Nell’autunno di quello stesso 1935 è chiamato in Seminario, dove rimarrà per ben 20 anni, prima come Prefetto d’Ordine (cioè di responsabile della disciplina e dell’ordine nel Pio Istituto), poi come vice Rettore e infine, a partire dal 1946, come Rettore. “Qui – affernerà nel 1965 – l’asino fu tirato quasi sempre per la coda: la vita di Seminario per me era poco attraente, eppure era quello il campo del lavoro che mi era stato assegnato […]. Vi avevo passati 20 anni circa e, alla fine, mi ci ero, in certo qual modo abituato, assuefatto e rassegnato […]”.

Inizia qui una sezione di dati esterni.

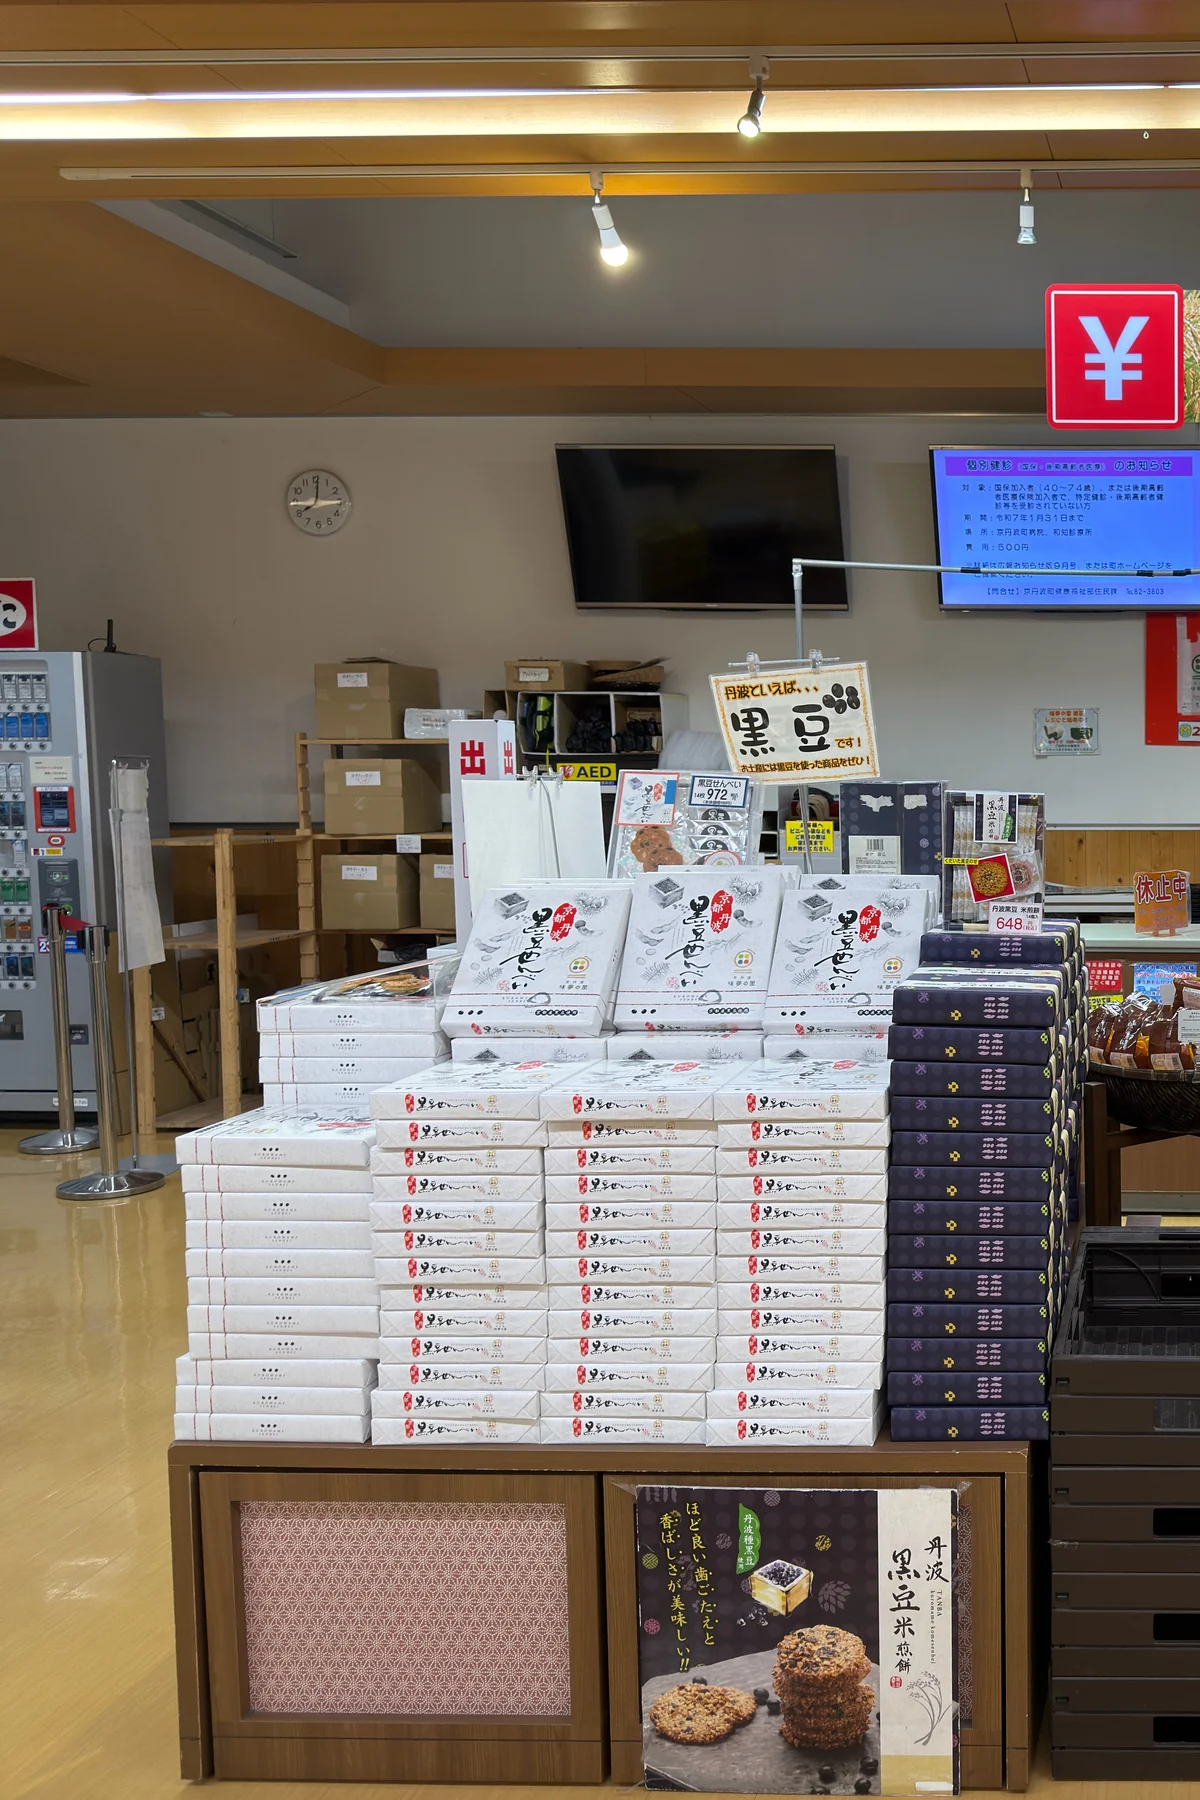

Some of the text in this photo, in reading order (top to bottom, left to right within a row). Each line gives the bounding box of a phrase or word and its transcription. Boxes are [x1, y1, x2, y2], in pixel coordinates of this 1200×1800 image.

[966, 460, 1012, 471] 個別健診
[1114, 460, 1172, 471] のお知らせ
[294, 487, 302, 495] 10
[332, 487, 338, 495] 2
[296, 510, 302, 518] 8
[316, 520, 321, 529] 6
[731, 704, 830, 757] 黒豆
[460, 740, 486, 775] 出
[741, 757, 870, 773] お土産には黒豆を使った商品をぜひ！
[577, 766, 611, 778] AED
[698, 778, 742, 789] 黒豆せんべい
[707, 788, 728, 801] 972
[1135, 874, 1187, 905] 休止中
[992, 905, 1040, 914] 丹波黒豆 米煎餅
[996, 917, 1023, 930] 648
[743, 1513, 754, 1567] 丹波種黒豆
[924, 1536, 949, 1583] 丹波
[686, 1502, 715, 1646] ほど良い歯ごたえと
[660, 1513, 690, 1672] 香ばしさが美味しい!!
[887, 1548, 921, 1674] 黒豆米煎餅

In quei vent’anni, don Michele prende tre iniziative che meritano di essere ricordate: la costituzione della “schola Cantorum”, la parifica delle scuole del seminario, la fondazione dell’Oratorio “San Giovanni Bosco”.
Quanto alla “Schola Cantorum”, tutto comincia in occasione della festa dell’Immacolata del 1935, allorché don Michele, da poco ordinato sacerdote, pur conoscendo solo la scala musicale, un po’ di tastiera e il valore delle note, mette mano all’armonium per accompagnare con qualche canto la messa solenne celebrata dal Vescovo. Tutto riesce così bene, che il vice rettore, don Mario Cobucci, chiede a don Michele di preparare una solenne accademia per il 25° episcopale di mons. Caldarola. “Ma tu si pacciu o che!”, si sente rispondere: “Io sono qui come un asino in mezzo ai suoni che se mando qualche raglio è perché so che non c’è nessun’altro asino che sappia ragliare… si attua in me il detto latino che dice così: ‘beati monocoli in terra coecorum’, che significa: beato chi teni n’uocchiu sulu in mezzo a quelli che non ne hanno affatto”. Ma il vice rettore insiste e a don Michele non resta che mettersi al lavoro. “Mi formai – scriverà in seguito don Michele – una schola cantorum di una sessantina di elementi, di giovanotti di ogni età, li divisi in quattro cori e così, per un mese e mezzo quattro volte al giorno, riusciii a dirozzarli ed armonizzarli per benino […]. Grazie a Dio e alla Vergine Santa andò tutto bene, al di sopra di ogni aspettativa. Fu la prima volta che avemmo una lode dai Superiori: “Potete andare sugli spalti del castello e gridare ai quattro venti: non è avvenuta mai una cosa simile a Teggiano”. Si costituì così a Teggiano una buona Schola Cantorum, che, nutrita ed armonizzata coi cori femminili, ebbe l’onore di partecipare a diversi concorsi, sia in Diocesi che altrove, a Salerno, per esempio, riportando ovunque buoni risultati”.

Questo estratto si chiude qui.